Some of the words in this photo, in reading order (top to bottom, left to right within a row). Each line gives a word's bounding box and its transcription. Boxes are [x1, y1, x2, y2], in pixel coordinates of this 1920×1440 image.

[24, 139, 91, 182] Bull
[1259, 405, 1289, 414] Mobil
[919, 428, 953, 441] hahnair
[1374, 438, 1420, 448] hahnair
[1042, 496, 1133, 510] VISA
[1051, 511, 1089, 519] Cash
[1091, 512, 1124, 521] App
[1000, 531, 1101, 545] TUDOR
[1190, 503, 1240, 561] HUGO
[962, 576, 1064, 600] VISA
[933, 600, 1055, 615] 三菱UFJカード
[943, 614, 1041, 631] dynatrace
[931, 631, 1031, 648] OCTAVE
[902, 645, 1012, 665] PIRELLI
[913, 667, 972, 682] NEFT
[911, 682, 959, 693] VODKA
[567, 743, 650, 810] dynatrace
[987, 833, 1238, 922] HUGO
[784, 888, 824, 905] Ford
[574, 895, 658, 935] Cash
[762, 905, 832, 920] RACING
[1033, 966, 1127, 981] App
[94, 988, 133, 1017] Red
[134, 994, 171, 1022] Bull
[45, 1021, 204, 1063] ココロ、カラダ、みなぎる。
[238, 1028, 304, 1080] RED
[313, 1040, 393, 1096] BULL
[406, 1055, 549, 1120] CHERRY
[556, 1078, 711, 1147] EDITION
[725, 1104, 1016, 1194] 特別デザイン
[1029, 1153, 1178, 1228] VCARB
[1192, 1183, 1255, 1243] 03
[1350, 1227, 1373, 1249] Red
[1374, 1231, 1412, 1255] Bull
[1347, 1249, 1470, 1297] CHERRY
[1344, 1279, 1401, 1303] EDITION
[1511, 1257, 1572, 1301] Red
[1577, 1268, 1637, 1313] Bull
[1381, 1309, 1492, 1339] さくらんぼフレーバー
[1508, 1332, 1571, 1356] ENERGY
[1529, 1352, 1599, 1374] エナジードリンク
^^^^^^^^^^^^^^^^
*TASK STATEMENT:*
Retype every record without alteration.

*RESPONSE BELOW:*
Some of the words in this photo, in reading order (top to bottom, left to right within a row). Each line gives a word's bounding box and its transcription. Boxes are [x1, y1, x2, y2], in pixel coordinates of this 1920×1440 image.

[24, 139, 91, 182] Bull
[1259, 405, 1289, 414] Mobil
[919, 428, 953, 441] hahnair
[1374, 438, 1420, 448] hahnair
[1042, 496, 1133, 510] VISA
[1051, 511, 1089, 519] Cash
[1091, 512, 1124, 521] App
[1000, 531, 1101, 545] TUDOR
[1190, 503, 1240, 561] HUGO
[962, 576, 1064, 600] VISA
[933, 600, 1055, 615] 三菱UFJカード
[943, 614, 1041, 631] dynatrace
[931, 631, 1031, 648] OCTAVE
[902, 645, 1012, 665] PIRELLI
[913, 667, 972, 682] NEFT
[911, 682, 959, 693] VODKA
[567, 743, 650, 810] dynatrace
[987, 833, 1238, 922] HUGO
[784, 888, 824, 905] Ford
[574, 895, 658, 935] Cash
[762, 905, 832, 920] RACING
[1033, 966, 1127, 981] App
[94, 988, 133, 1017] Red
[134, 994, 171, 1022] Bull
[45, 1021, 204, 1063] ココロ、カラダ、みなぎる。
[238, 1028, 304, 1080] RED
[313, 1040, 393, 1096] BULL
[406, 1055, 549, 1120] CHERRY
[556, 1078, 711, 1147] EDITION
[725, 1104, 1016, 1194] 特別デザイン
[1029, 1153, 1178, 1228] VCARB
[1192, 1183, 1255, 1243] 03
[1350, 1227, 1373, 1249] Red
[1374, 1231, 1412, 1255] Bull
[1347, 1249, 1470, 1297] CHERRY
[1344, 1279, 1401, 1303] EDITION
[1511, 1257, 1572, 1301] Red
[1577, 1268, 1637, 1313] Bull
[1381, 1309, 1492, 1339] さくらんぼフレーバー
[1508, 1332, 1571, 1356] ENERGY
[1529, 1352, 1599, 1374] エナジードリンク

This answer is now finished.